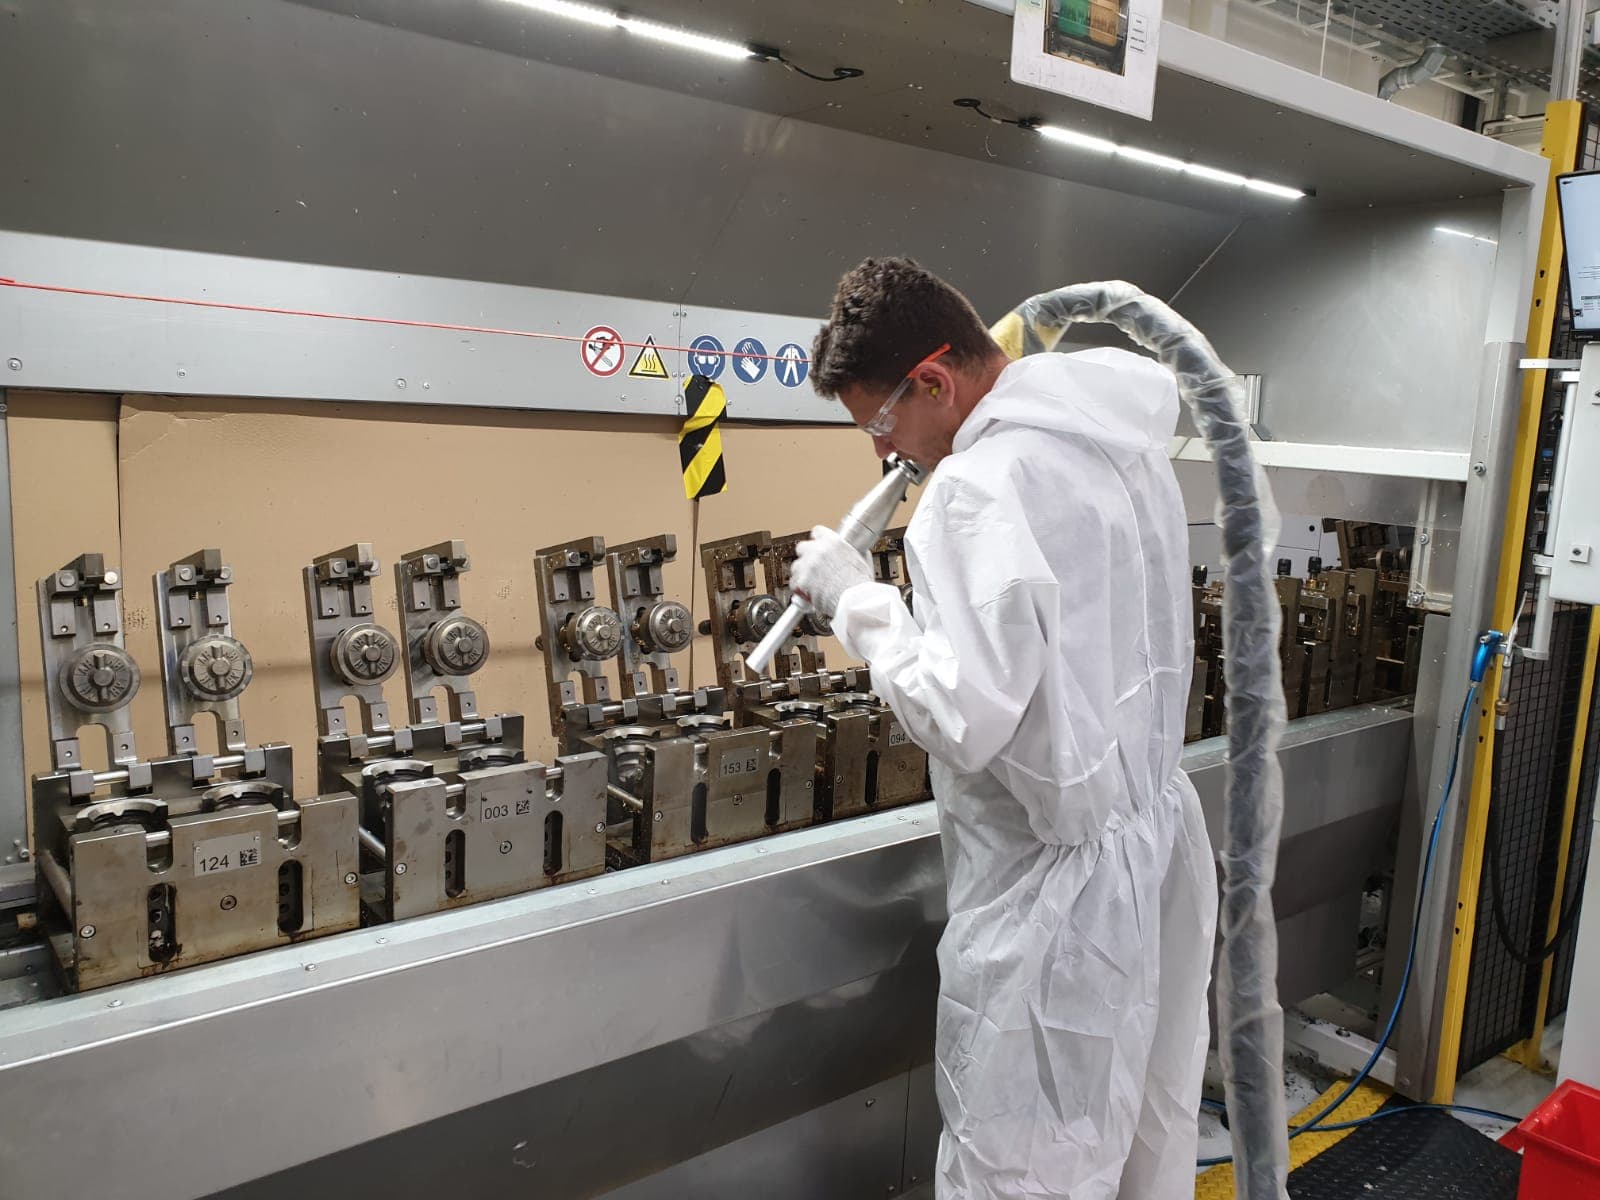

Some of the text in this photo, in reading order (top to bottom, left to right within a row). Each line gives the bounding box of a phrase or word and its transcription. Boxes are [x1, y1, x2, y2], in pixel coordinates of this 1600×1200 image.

[890, 732, 906, 745] 094
[723, 761, 741, 775] 153
[484, 804, 509, 820] 003
[199, 854, 230, 872] 124
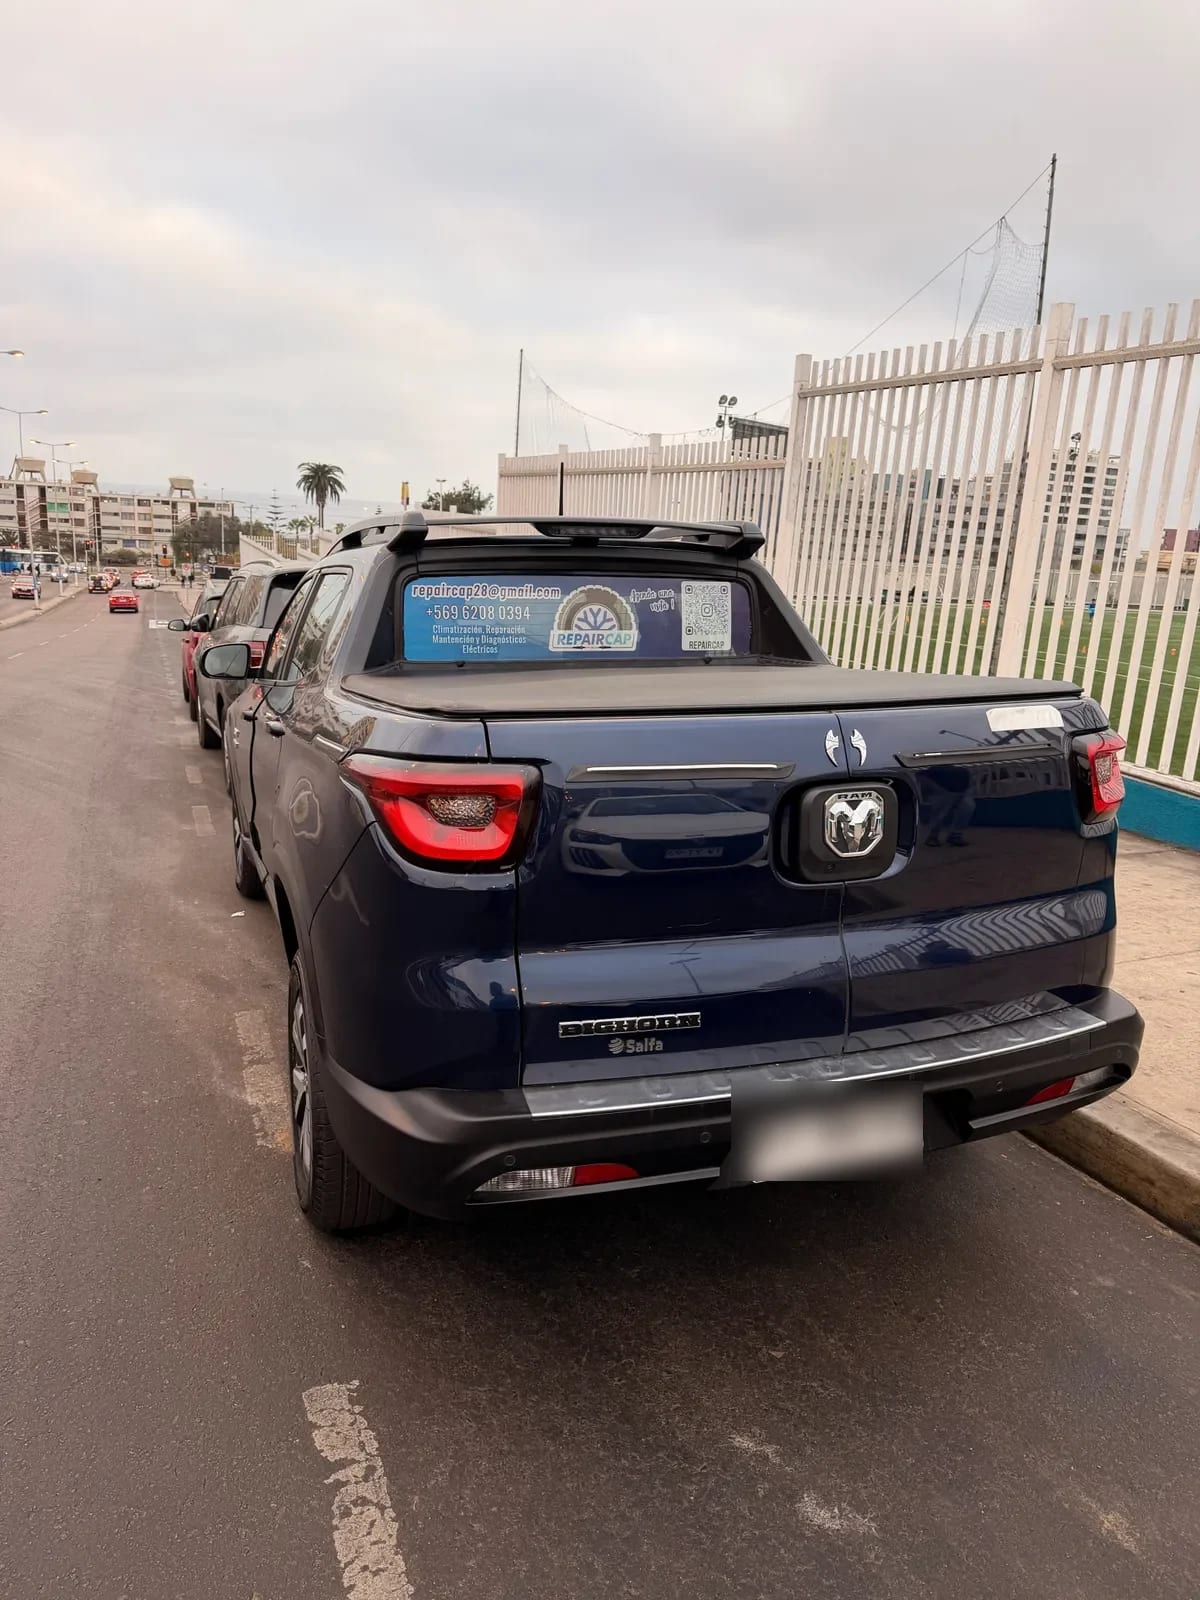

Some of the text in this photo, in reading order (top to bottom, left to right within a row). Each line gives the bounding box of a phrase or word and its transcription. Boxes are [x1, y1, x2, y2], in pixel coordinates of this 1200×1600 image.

----------

Each line above is to be duplicated exactly, and the pictures are to be omitted.

Some of the text in this photo, in reading order (top to bottom, left to right within a row). Each line gives the bounding box of a phrase or word and its transcription. Boxes are [x1, y1, x2, y2], in pixel coordinates of this 1600×1200 image.

[890, 732, 906, 745] 094
[723, 761, 741, 775] 153
[484, 804, 509, 820] 003
[199, 854, 230, 872] 124

Some of the text in this photo, in reading order (top to bottom, left to right within a row). Each line gives the bounding box of a phrase or word and its transcription. Boxes are [x1, y1, x2, y2], in pixel coordinates of this 1200×1600 image.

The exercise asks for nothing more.